According to a release from DERP-COT, so many generators are down for repairs that those generators could power as many as 2.2 million homes on a hot summer day:

"We will be conducting a thorough analysis with generation owners to determine why so many units are out of service," said ERCOT Vice President of Grid Planning and Operations Woody Rickerson. "This is unusual for this early in the summer season."

Why do I have my doubts that this is "unusual"? I'm feeling like this is going to be par for the course as we ride the roller coaster of ERCOT.

Of course, they have suggestions on how WE can conserve, and none of them line up with my "turn the thermostat down until I can see my breath when it gets hot" mindset.

  • Set your thermostat to 78 degrees or higher – every degree of cooling increases your energy use by six to eight percent.

  • Turn off lights and pool pumps and avoid using large appliances like ovens, washing machines and dryers.

  • If you don’t need something – we are asking you to turn it off and unplug it if possible.

Yeah, no.

So, what happens when progress gets in the way of having reliable power?

Well, this:

via GIPHY

Did you ever see the TV show "Revolution"? It was about a world that was plunged into darkness with no electricity. In a nutshell, it was freaking anarchy.
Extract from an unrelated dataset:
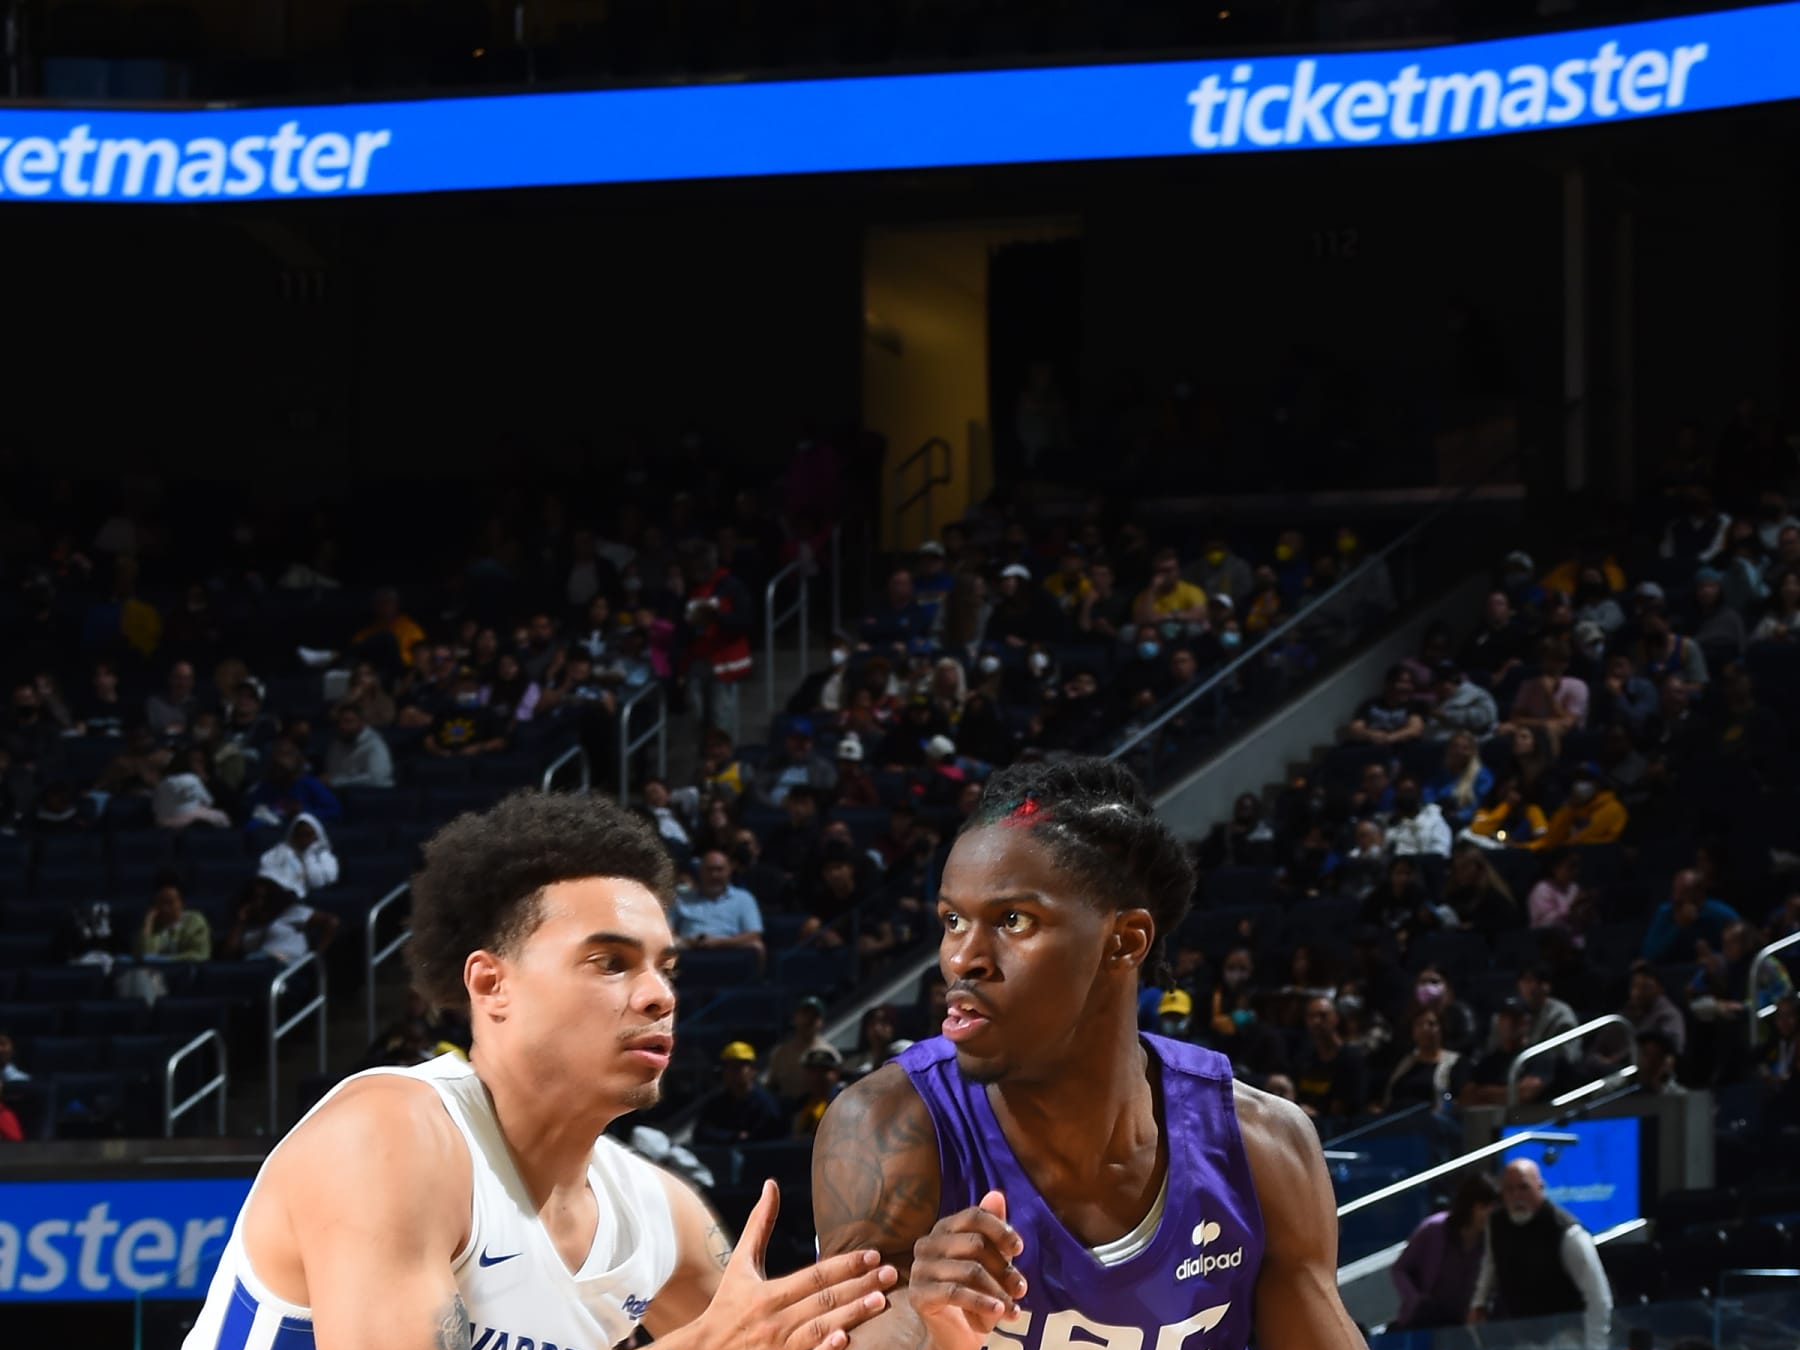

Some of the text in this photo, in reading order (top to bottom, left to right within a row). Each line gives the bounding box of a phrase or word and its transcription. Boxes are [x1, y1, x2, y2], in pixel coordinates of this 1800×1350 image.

[1187, 40, 1708, 149] ticketmaster
[0, 121, 391, 197] etmaster
[1176, 1247, 1243, 1281] dialpad
From the Wikipedia:

The series is set in a post-apocalyptic near-future, in the year 2027. Fifteen years earlier, in the year 2012, a worldwide event known as "The Blackout" caused all electricity on Earth, ranging from computers and electronics to car and jet engines, to be disabled permanently. As a result, trains and cars stopped where they were, ships went dead in the water, and aircraft plummeted from the sky and crashed. In the years after the Blackout, people adapted to this new world without electricity. Because government and public order collapsed, several areas are ruled by militias and their generals.

So, yeah...it's gonna suck.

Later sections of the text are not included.